1999 CPEO Military List Archive

From: Susan Gawarecki <loc@icx.net>
Date: Mon, 5 Apr 1999 12:05:13 -0700 (PDT)
Reply: cpeo-military
Subject: Anti-WIPP article lacks critical thinking
 
Marylia Kelley's recent post of the "Waste Isolation Pilot Plant: The
Two Percent 'Solution'" article promotes untruths and overall lacks
critical thinking.  In the past, posts from Marylia's group have called
for cleanups of sites at LLNL, air filters at the Pu facility, a local
park--where do they think the debris and used workers' protective
equipment are going to be disposed?

Here in Oak Ridge, transuranic (TRU) waste is scattered about the Oak
Ridge National Lab complex in a variety of forms, including sludges in
decaying tanks and lines, and wastes buried in the ground, in many cases
in contact with the groundwater.  Currently, a program is underway to
treat and contain this waste, with the initial shipments to WIPP
scheduled for 2003.  WIPP is demonstrably safer for disposal of this
material than the numerous locations across the US where TRU waste is
haphazardly stored in close proximity to population centers.  This
includes Rocky Flats, where drums of TRU waste are stored above ground
under tents.

A bigger issue is the hundreds of millions of dollars that annually are
spent to oversee this waste in these inappropriate locations.  This is
money that otherwise could be spent to clean up contaminated lands with
significant potential for exposure to workers or that might allow
contaminants to migrate to areas accessible to the public.  Why delay
this further?  The truth is that budgets are getting smaller, not
larger, so that appropriate actions on waste management need to be done
today.

The article also repeats many of the assertions that simply don't hold
up under careful scrutiny:

"WIPP will leak." --This is not likely.  The salt will flow plastically
to encase the drums and fill in the excavated chambers.  There are no
free liquids allowed in the drums.  The discussion of the geology of the
WIPP site ignores the fact that these salt domes are highly stable and
aren't subject to the unlikely scenarios postulated.  Moreover, nearby
drilling and injection operations will be forbidden.

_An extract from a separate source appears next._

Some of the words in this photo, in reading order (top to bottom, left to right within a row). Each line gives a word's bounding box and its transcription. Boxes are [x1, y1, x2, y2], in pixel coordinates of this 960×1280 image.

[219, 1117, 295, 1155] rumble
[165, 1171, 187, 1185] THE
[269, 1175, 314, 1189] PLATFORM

"Much of the waste slated for WIPP is contaminated with plutonium 239,
which has a radioactive half-life of over 24,000 years." --Big deal. 
There are many more toxic elements that will NEVER decay away disposed
by industries daily in much less secure disposal sites.

"DOE plans to bring 40,000 truck loads of transuranic waste to WIPP over
the next 30 years....DOE estimates these shipments will result in 6
deaths and 48 injuries from accidents and that 3 people will die from
radiation exposure during 'accident free' shipments." --All trucking has
fatal accident rates--the nuclear trucking industry has far fewer than
average. The TRU shipping containers are extremely over-designed and
tested, with zero liklihood of failure in a typical road accident. 
Moreover, the $20 million per year that New Mexico is receiving for
accepting WIPP, and which is being applied to highway upgrades, will
prevent many more deaths from traffic accidents than the small number of
fatalities estimated for the TRU waste shipping campaign.

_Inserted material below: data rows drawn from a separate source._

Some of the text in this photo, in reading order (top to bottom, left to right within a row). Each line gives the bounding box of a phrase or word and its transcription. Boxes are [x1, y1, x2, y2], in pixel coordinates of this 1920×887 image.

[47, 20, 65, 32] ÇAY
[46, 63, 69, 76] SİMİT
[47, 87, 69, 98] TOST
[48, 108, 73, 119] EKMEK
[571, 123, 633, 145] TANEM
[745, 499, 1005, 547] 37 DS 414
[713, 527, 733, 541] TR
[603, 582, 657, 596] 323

I have never seen protesters complaining about a bridge or building
being constructed when the construction industry knows that X number of
workers will die.  I have never seen protests about the prevalence of
single-walled petroleum tankers plying our highways, city streets, and
neighborhoods--accidents involving these are demonstrably more likely to
be fatal (and environmentally harmful) than from a TRU-bearing truck. 
So what is the real agenda here?

"WIPP is part of the DOE's nuclear waste "shell game," a dangerous
enterprise that puts deadly wastes on our highways, moving them around
the
country and substituting "out of sight - out of mind" for a sound
policy." --This statement is inflammatory rhetoric.  In truth, WIPP is
the best possible policy, considering the budgetary constraints and the
current state of TRU-waste storage and buildings/lands contaminated with
TRU-waste in many of our communities.

"Moreover, WIPP will not come close to solving the country's nuclear
waste problems, not by any standard of measurement.  WIPP is designed to
handle less than 2% of the existing volume of nuclear bomb-generated
radioactive wastes. Even if one calculates the transuranic wastes alone,
WIPP is proposed for only about one-third of DOE's existing TRU waste."
--WIPP is by law and by design only intended to handle TRU waste.  Yes,
we need more capacity.  We also need appropriate sites opened to dispose
of the nation's low-level and high-level radioactive wastes.  Oak Ridge
and the other DOE sites want this out of their communities to prevent
further discharges to their groundwater and their rivers.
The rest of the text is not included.